Wednesday 22 August 2018

Found in Translation


"You'll never know exactly what a translator has done. He reads with maniacal attention to nuance and cultural implication, conscious of all the books that stand behind this one; then he sets out to rewrite this impossibly complex thing in his own language, re-elaborating everything, changing everything in order that it remain the same, or as close as possible to his experience of the original. In every sentence the most loyal respect must combine with the most resourceful inventiveness. Imagine shifting the Tower of Pisa into downtown Manhattan and convincing everyone it's in the right place; that's the scale of the task."

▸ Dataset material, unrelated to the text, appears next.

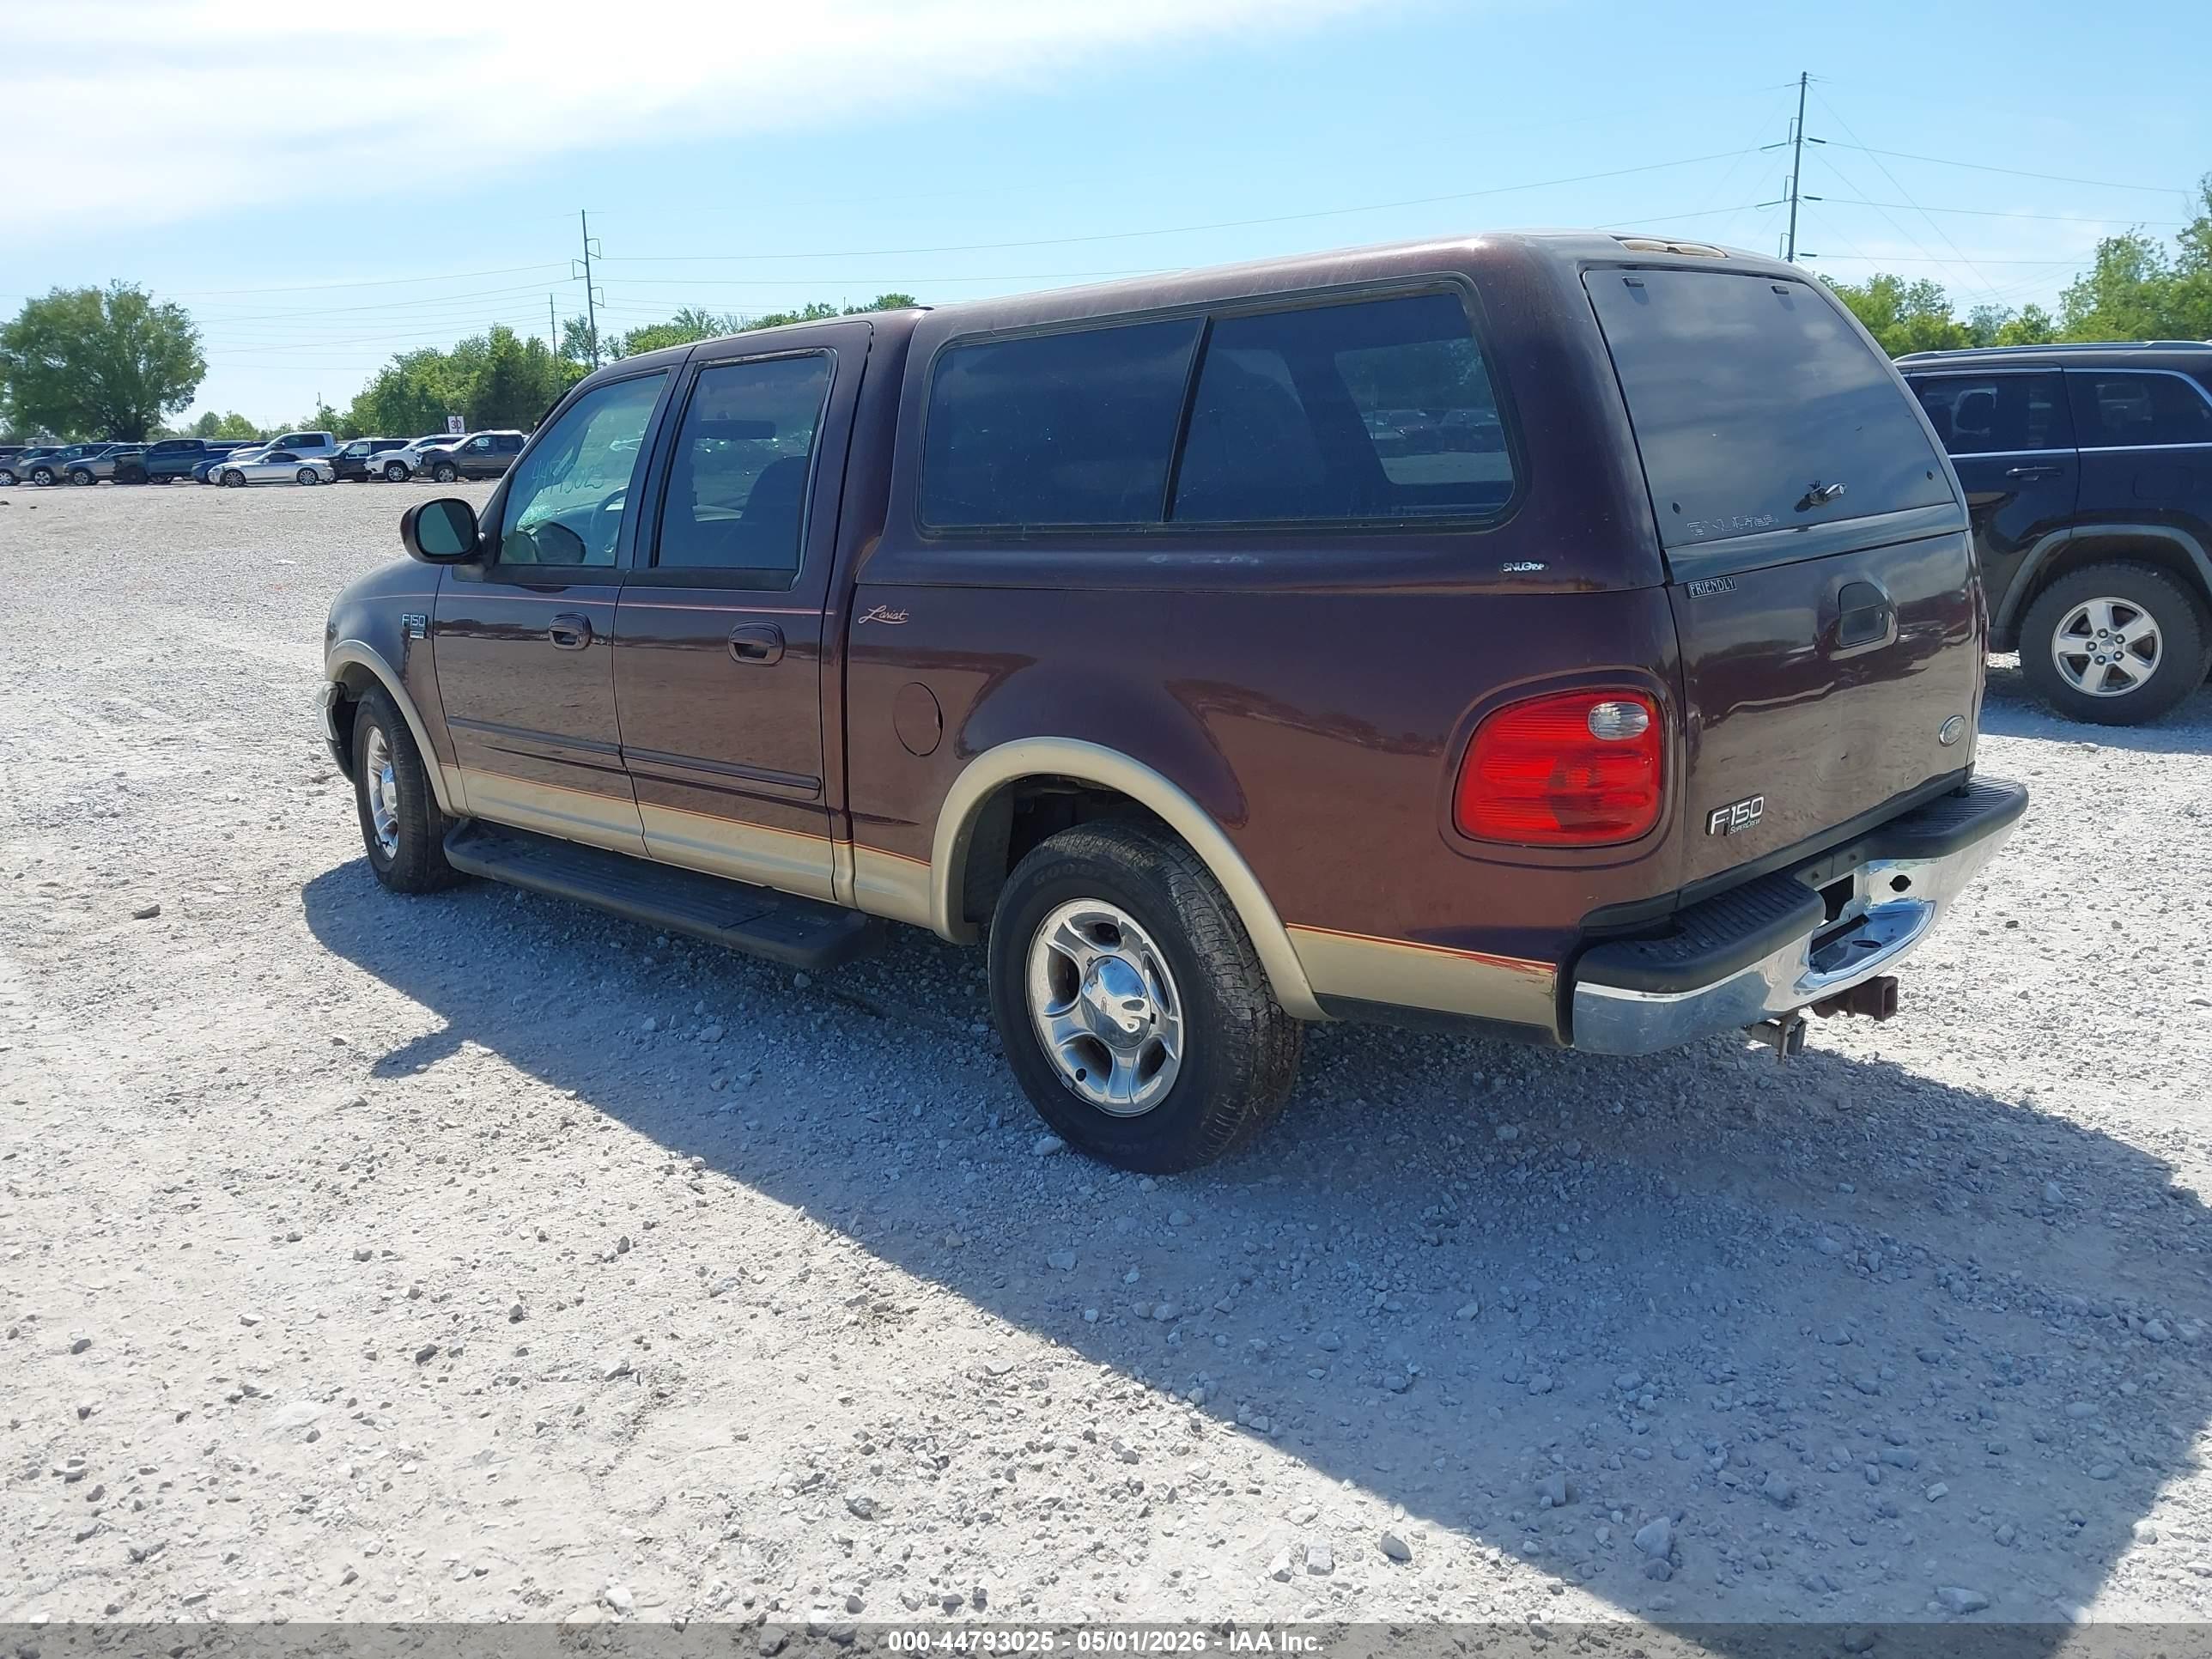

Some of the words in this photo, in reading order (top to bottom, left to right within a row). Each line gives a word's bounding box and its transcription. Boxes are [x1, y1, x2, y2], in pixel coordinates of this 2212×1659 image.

Tim Parks, Why translators deserve some credit, The Guardian (April 25th 2010)

Link to the article.

It's a great read. I hope it will have readers -- any reader, because translation crosses the boundaries of literature to affect virtually every area of expertise in our endeavour to transmit and expand -- realise the importance of the work of translators around the world. Traduttore traditore, the Italians say. Well, stricto sensu there is no other way...it's a necessary evil (some would go as far as claiming that the translated work is a different work from the original), but in fine we translate greatness into a different idiom, and great translators just do that: shift paradigms...which reminds me of another quote, by Anthony Burgess: "Translation is not a matter of words only: it is a matter of making intelligible a whole culture."